Short term mortality in stroke patients
Measured Factor Detail
Modified SOAR score is a prognosis tool used to estimate the short term mortality in stroke inpatients. It takes into accouint 5 varibales which include stroke type, age, stroke severity (NIHSS score), Premorbid functional status and Oxfordshire community stroke project (OCSP) classification.
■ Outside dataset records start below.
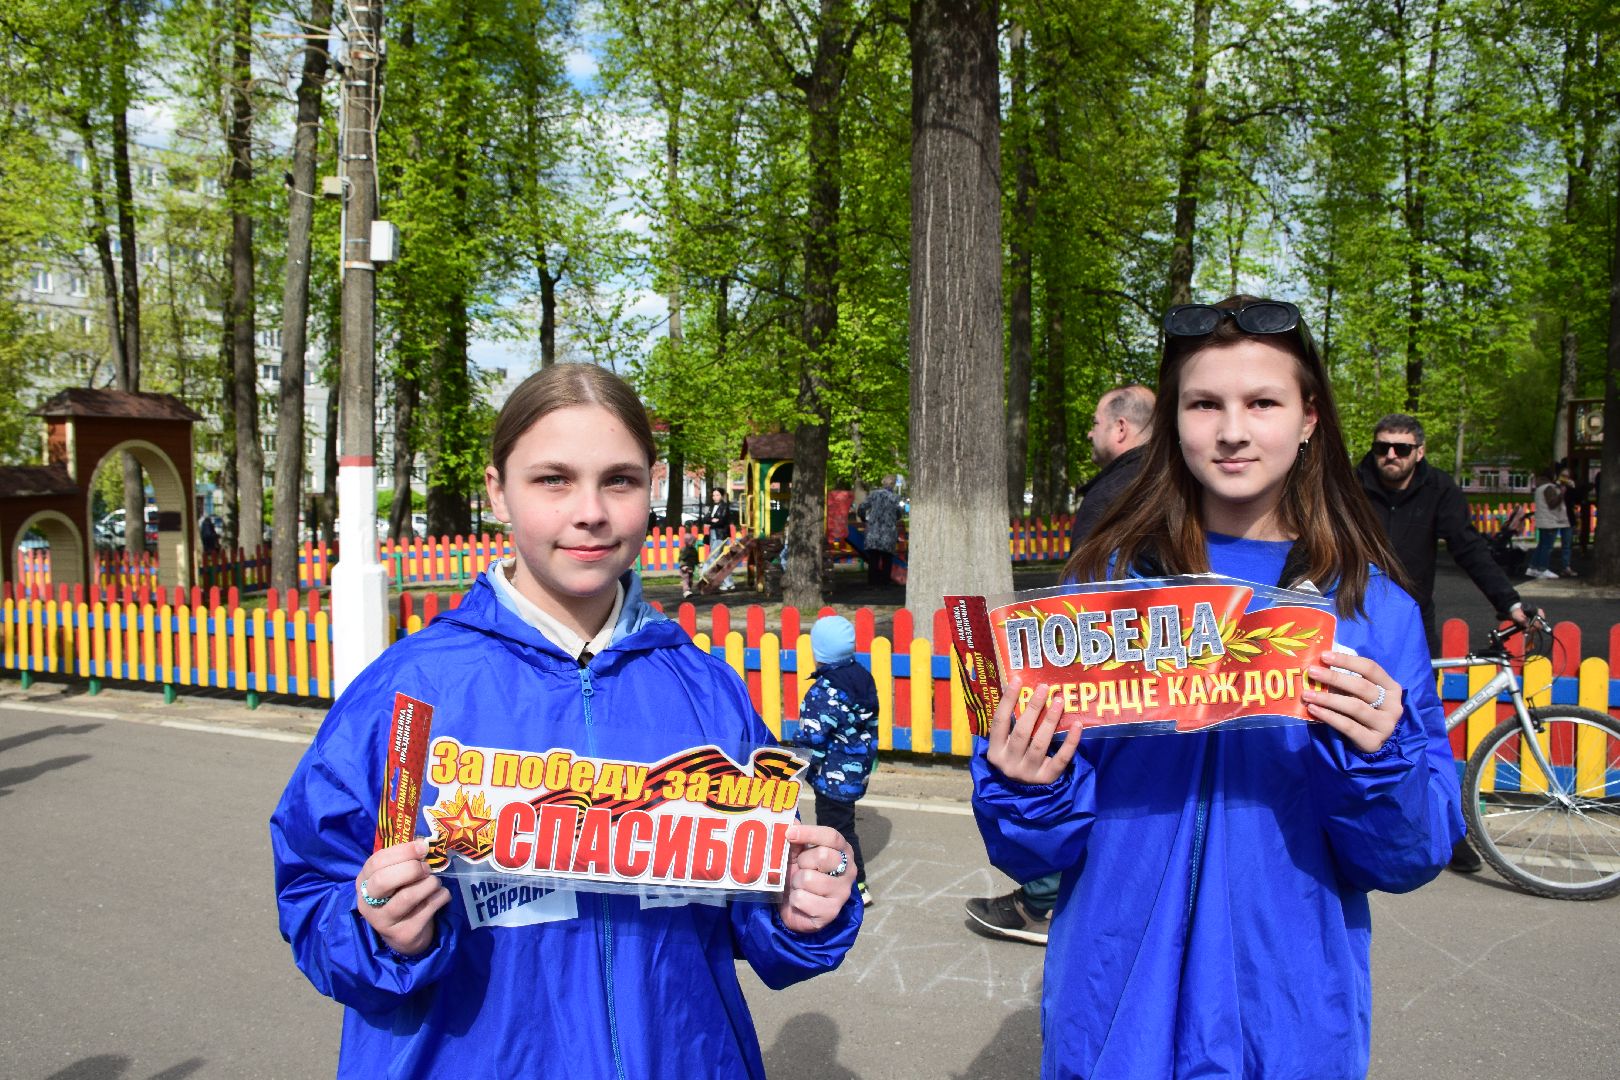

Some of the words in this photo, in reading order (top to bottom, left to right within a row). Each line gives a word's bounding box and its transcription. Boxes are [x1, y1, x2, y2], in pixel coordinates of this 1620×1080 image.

[953, 606, 965, 641] НАКЛЕЙКА
[959, 599, 974, 648] ПРАЗДНИЧНАЯ
[1005, 602, 1225, 670] ПОБЕДА
[974, 651, 987, 685] ПОМНИТ
[394, 709, 406, 753] НАКЛЕЙКА
[399, 703, 414, 764] ПРАЗДНИЧНАЯ
[397, 767, 410, 811] ПОМНИТ
[431, 741, 485, 786] За
[492, 752, 653, 802] победу,
[662, 770, 711, 802] за
[710, 774, 801, 811] мир
[493, 801, 790, 887] СПАСИБО!
[475, 885, 556, 923] ГВАРДИ
Measured Factor Low Impact
- mSCORE 0 indicates 1% inpatient mortality
Measured Factor High Impact
- A maximum score of 7 indicates inpatient mortality of 49.2%
Does not apply to patients with transient ischemic attack, subarachnoid hemorrhage, or subdural hemorrhage.
Study Validation 1
his study was conducted in order to evaluate the reliability of the modified-SOAR (mSOAR) score in predicting patient disability on discharge. A total of 230 patients were involved in the study and a post post-hoc calculation of mSOAR was calculated using Sentinel Stroke National Audit Programme (SSNAP) data. The mortality rate was 13% and disability was found to be in 57% patients on discharge. With increasing mSOAR score disability on discharge also got worsen significantly. This study concluded that mSOAR score is a great tool in predicting both discharge disability and mortality and can aid in for early discharge decision making.
Study Validation 2
The aim of this study was to determine the improvement in modified Rankin (SOAR) score after including a measure of initial stroke severity (NIHSS). Performance of both SOAR and mSOAR using an independent cohort data was evaluated. A total of 1002 and 1012 patients with stroke were involved in the derivation cohort and validation cohort respectively. In derivation cohort early mortality obtained from the SOAR and mSOAR scores were 0.79 (95% confidence interval, 0.75-0.84) and 0.83 (95% confidence interval, 0.79-0.86), respectively. In validation cohort mortality obtained from the mSOAR scores were 3% to 42%. This study concluded that
With addition of NIHSS data prognostic utility was improved with modified-SOAR score. mSOAR score have better clinical utility in predicting early mortality in stroke patients.
Study Validation 3
The aim of this study was to validate a stroke prognostic scoring system in predicting early mortality and hospital length of stay. Retrospective data from 12,355 patients with stroke was analyzed. An 8 point score was assessed based on multiple logistic regression model. Patient related factors included age, gender, stroke subtype, clinical classification, and prestroke disability. The outcome measures were in-patient and seven-day mortality. Results showed area under the curve values of 0.79 for in-hospital and seven-day mortality and higher score indicated longer stay than in low score with shorter median length stay. This study analysis revealed that this 8 point clinical score is great predictor of acute stroke mortality and length of hospital stay. This prognostic tool can be utilized in providing better service to risk stratify patients with stroke.
Study Additional 1
This study aimed to validate the SOAR and mSOAR in Chinese patients with acute stroke. Discharge mortality and 3-month mortality were the predictors of both the scores. A total 11,073 with acute stroke were recruited in the study. A comparison between SOAR and mSOAR were drawn out by statistical methods. Results showed that with increasing mSOAR and SOAR scores the chance of death risk also increased. . The mSOAR and SOAR scores showed significant association between the predicted and observed probabilities of discharge mortality. Study concluded that mSOAR had a better reliability in predicting the risk of death in Chinese patients with acute stroke.
Study Additional 2
This study aimed at validates the Rankin stroke score, Oxfordshire Community Stroke Project Classification (OCSPC), in predicting inpatient and 7-day mortality from 2008 to 2011 year. A total of 3547 stroke patients (ischemic, 92%) were involved in the study. Results showed that with increasing stroke subtype there was also increment in OCSPC and prestroke Rankin stroke score. Area under the receiver operator curves values for inpatient and 7-day mortality were found to be 0.80 and 0.82, respectively. This study concluded that these score may help in predicting early stroke in various stroke patients.